Reuniting with producer Ed Buller, who helmed their first and third albums, White Lies recapture the urgency and anthemic hooks of their early sound and add a sophistication that feels right for a band a decade into their career on 2019's Five.
In many ways the album isn't that different from the London trio's previous work.
Still showcased is lead singer and instrumentalist Harry McVeigh's brooding baritone, along with bassist Charles Cave and drummer Jack Lawrence-Brown.
Together, they offer up a moody, often propulsive set that draws upon various touchstones, from driving Joy Division-style post-punk ("Never Alone") and synthy new wave romanticism ("Time to Give") to Boy-era U2 kineticism ("Jo?")." That said, there's more guitar here, including gargantuan slabs of bass and deft laser jab riffage.
They even dabble in some echoey Pink Floyd-style space twang on "Kick Me." Equally compelling is the glammy "Denial," which matches a memorable chorus hook with lyrics that evoke the ennui of having reached your thirties and settled into a kind of domestic mundanity.

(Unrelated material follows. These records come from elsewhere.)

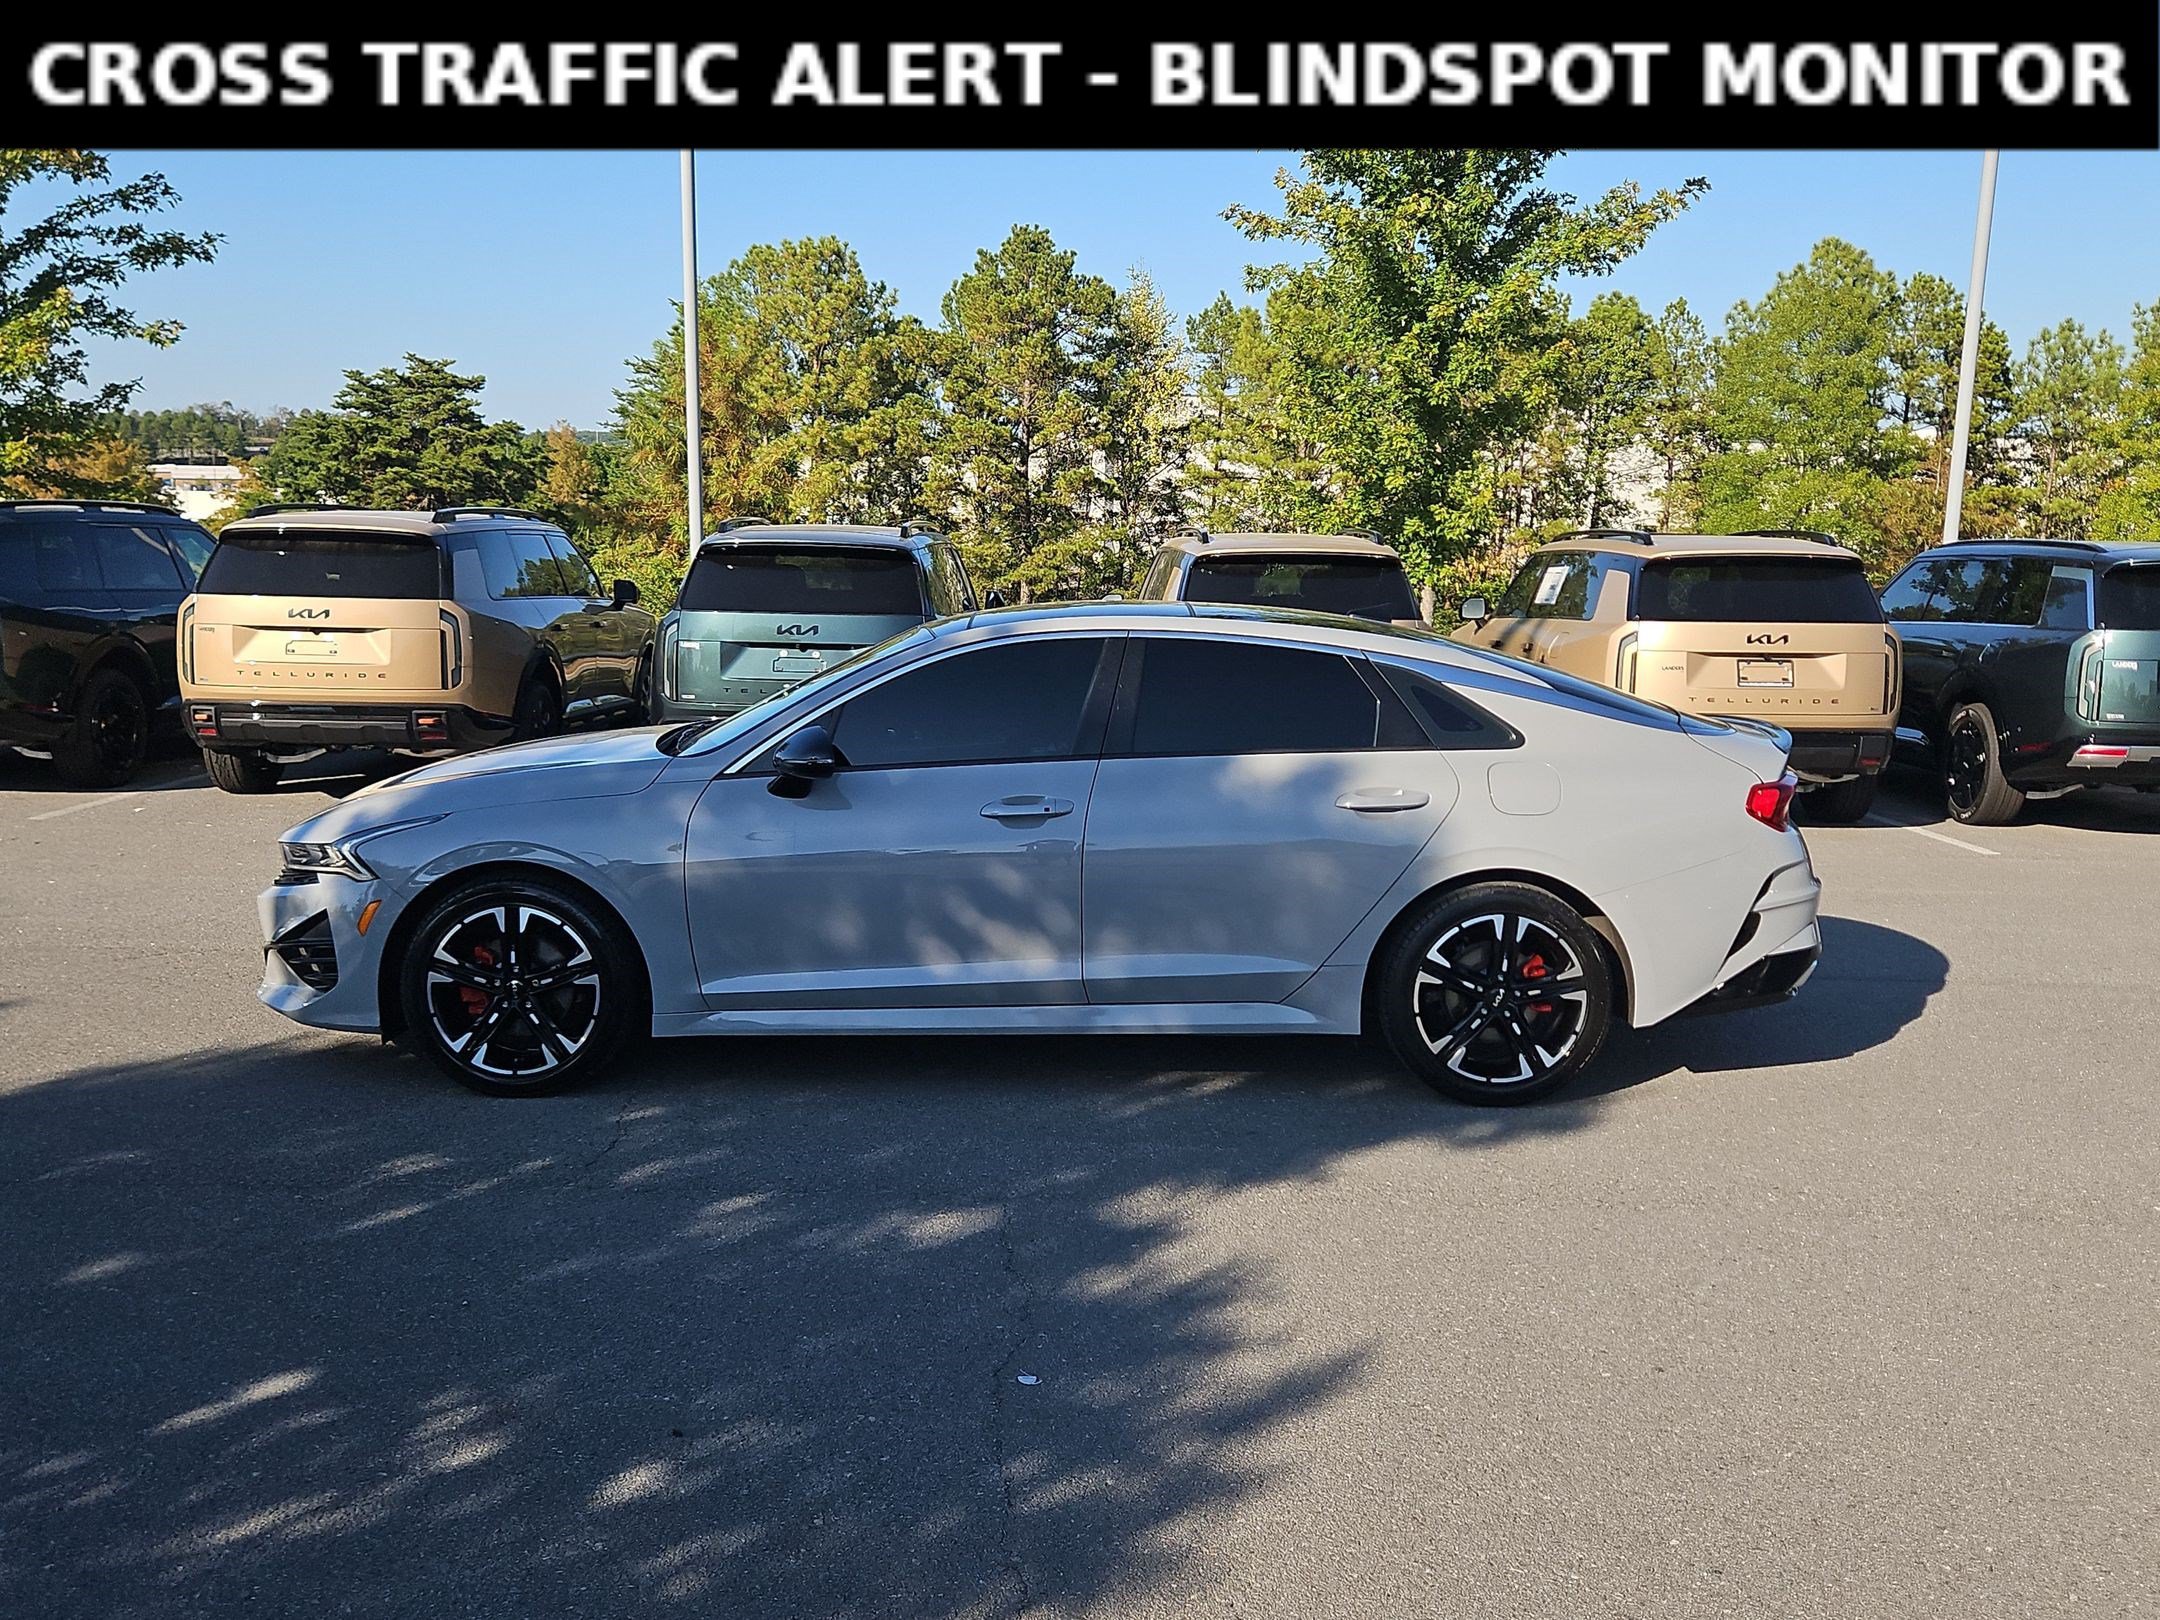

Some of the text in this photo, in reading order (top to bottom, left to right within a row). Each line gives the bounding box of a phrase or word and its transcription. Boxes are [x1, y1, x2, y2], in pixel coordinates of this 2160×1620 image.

[288, 608, 330, 619] KIA
[776, 624, 819, 636] KIA
[1746, 634, 1789, 645] KIA
[237, 670, 387, 679] TELLURIDE
[1688, 696, 1840, 705] TELLURIDE
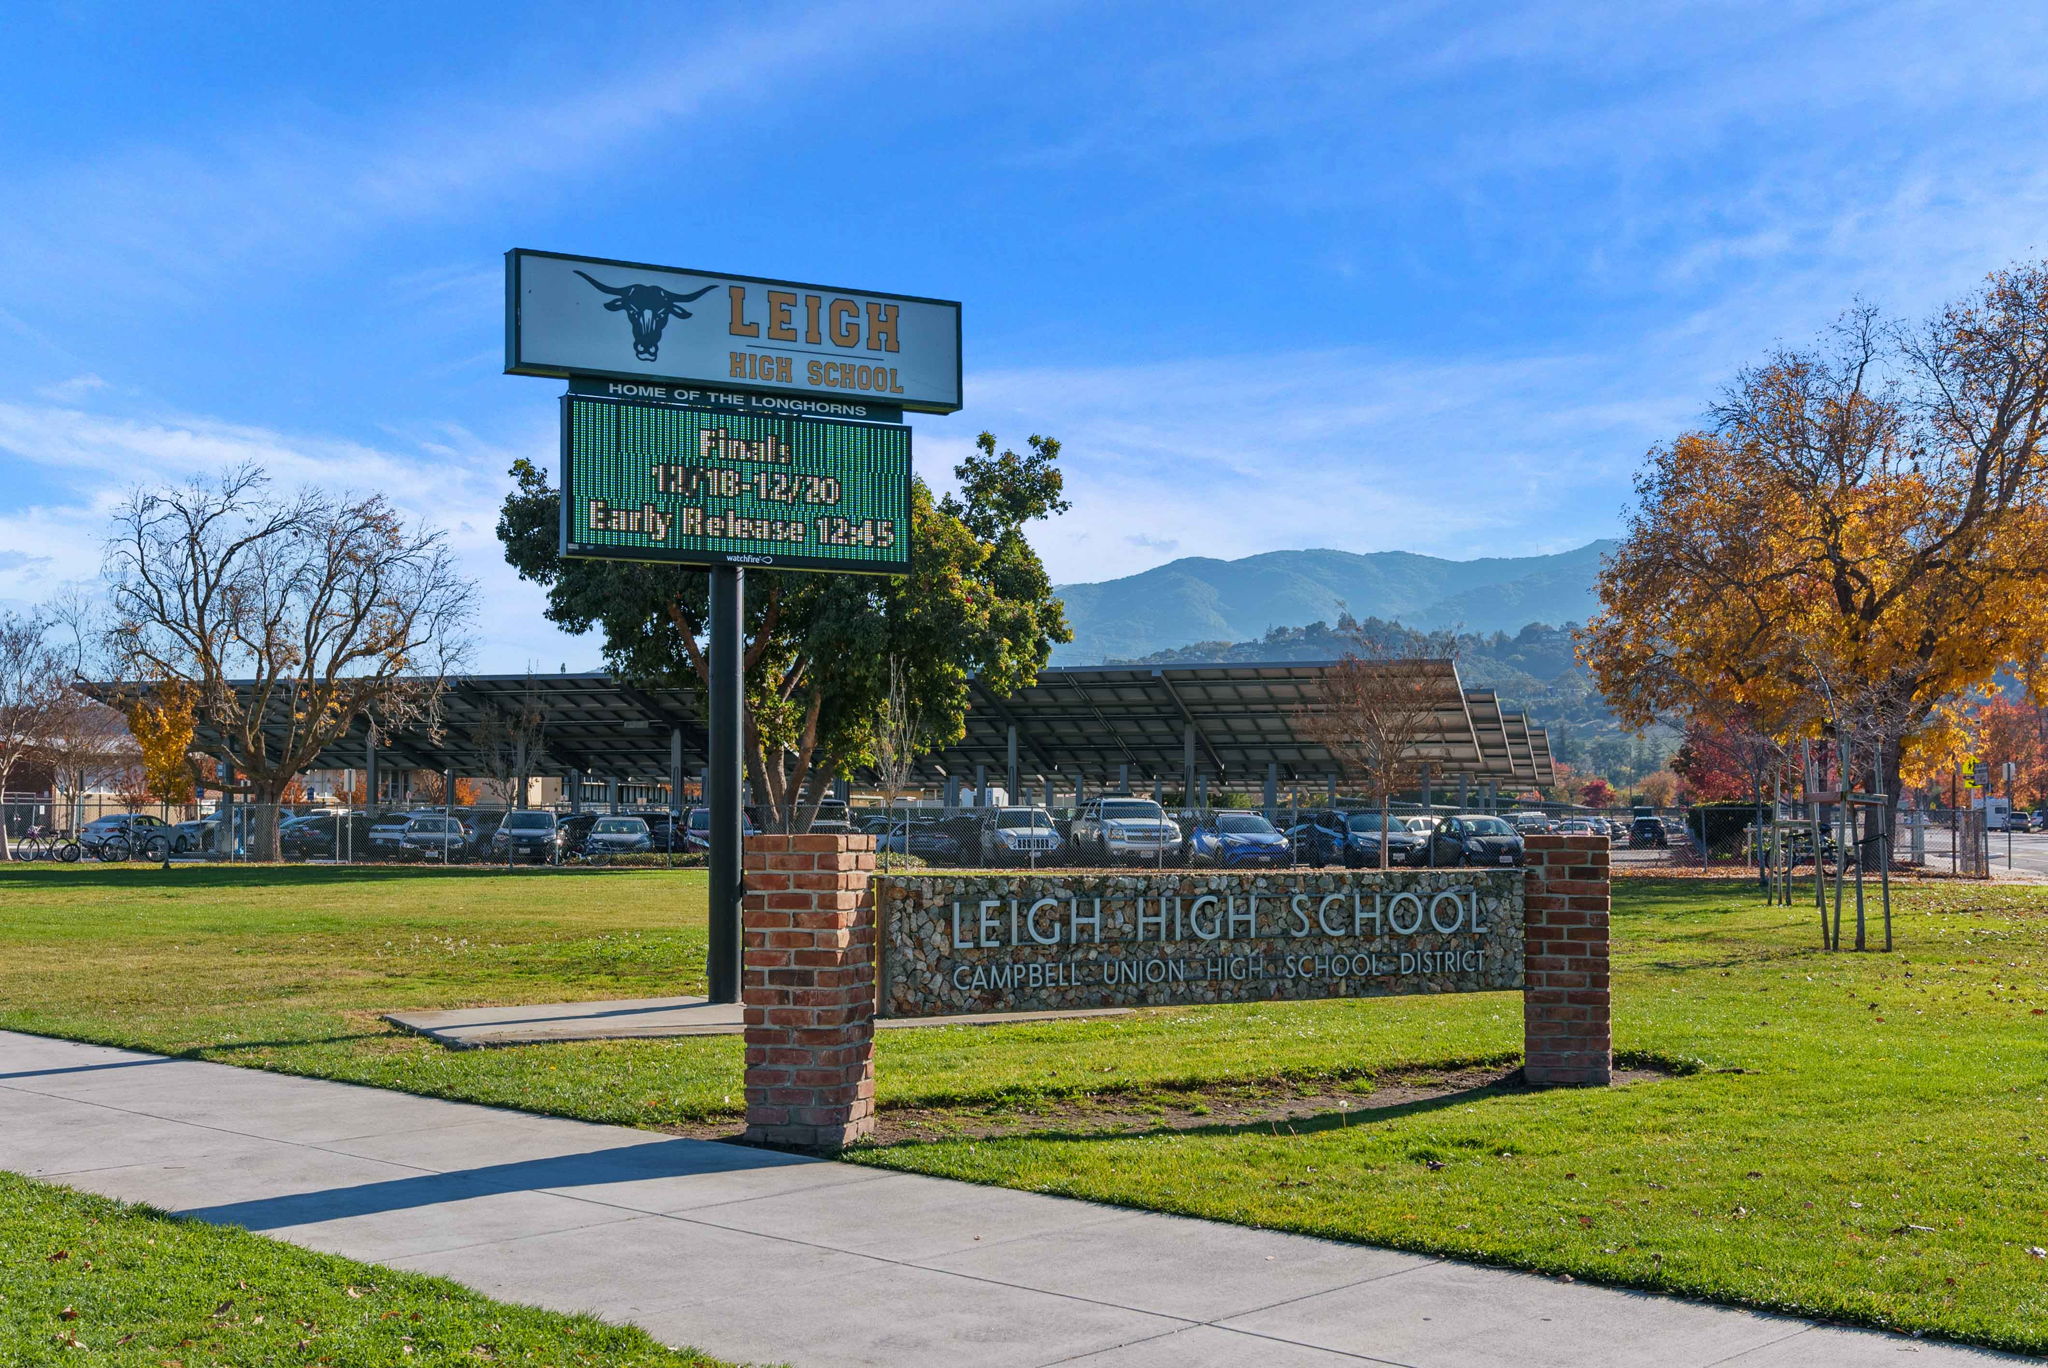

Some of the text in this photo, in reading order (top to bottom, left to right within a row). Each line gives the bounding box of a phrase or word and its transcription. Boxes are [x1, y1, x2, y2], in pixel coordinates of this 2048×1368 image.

[729, 285, 900, 353] LEIGH
[729, 352, 904, 394] HIGH SCHOOL
[608, 383, 867, 416] HOME OF THE LONGHORNS
[700, 428, 791, 464] Finals
[590, 501, 894, 547] Early Release 12:45
[726, 553, 760, 565] watchfire
[953, 891, 1487, 949] LEIGH HIGH SCHOOL
[953, 950, 1485, 991] CAMPBELL UNION HIGH SCHOOL DISTRICT

McVeigh sings "Four kids and a cat, might as well be called five." Elsewhere, the band achieve even more dichotomous emotional uplift, tackling themes of loneliness and urban disconnection on "Tokyo," which taps into a dusky Giorgio Moroder-esque club groove before smashing through the glass of your emotions with a big pop chorus.
Similarly, "Believe It," with its pounding bass and glassy synth accents, finds the band wrestling with "the fear" and notions of therapeutic release.
While there's not any major conceptual through-line here, one of the most impressive aspects of Five is the album's balanced flow, which evokes the A- and B-side aesthetic of the vinyl age.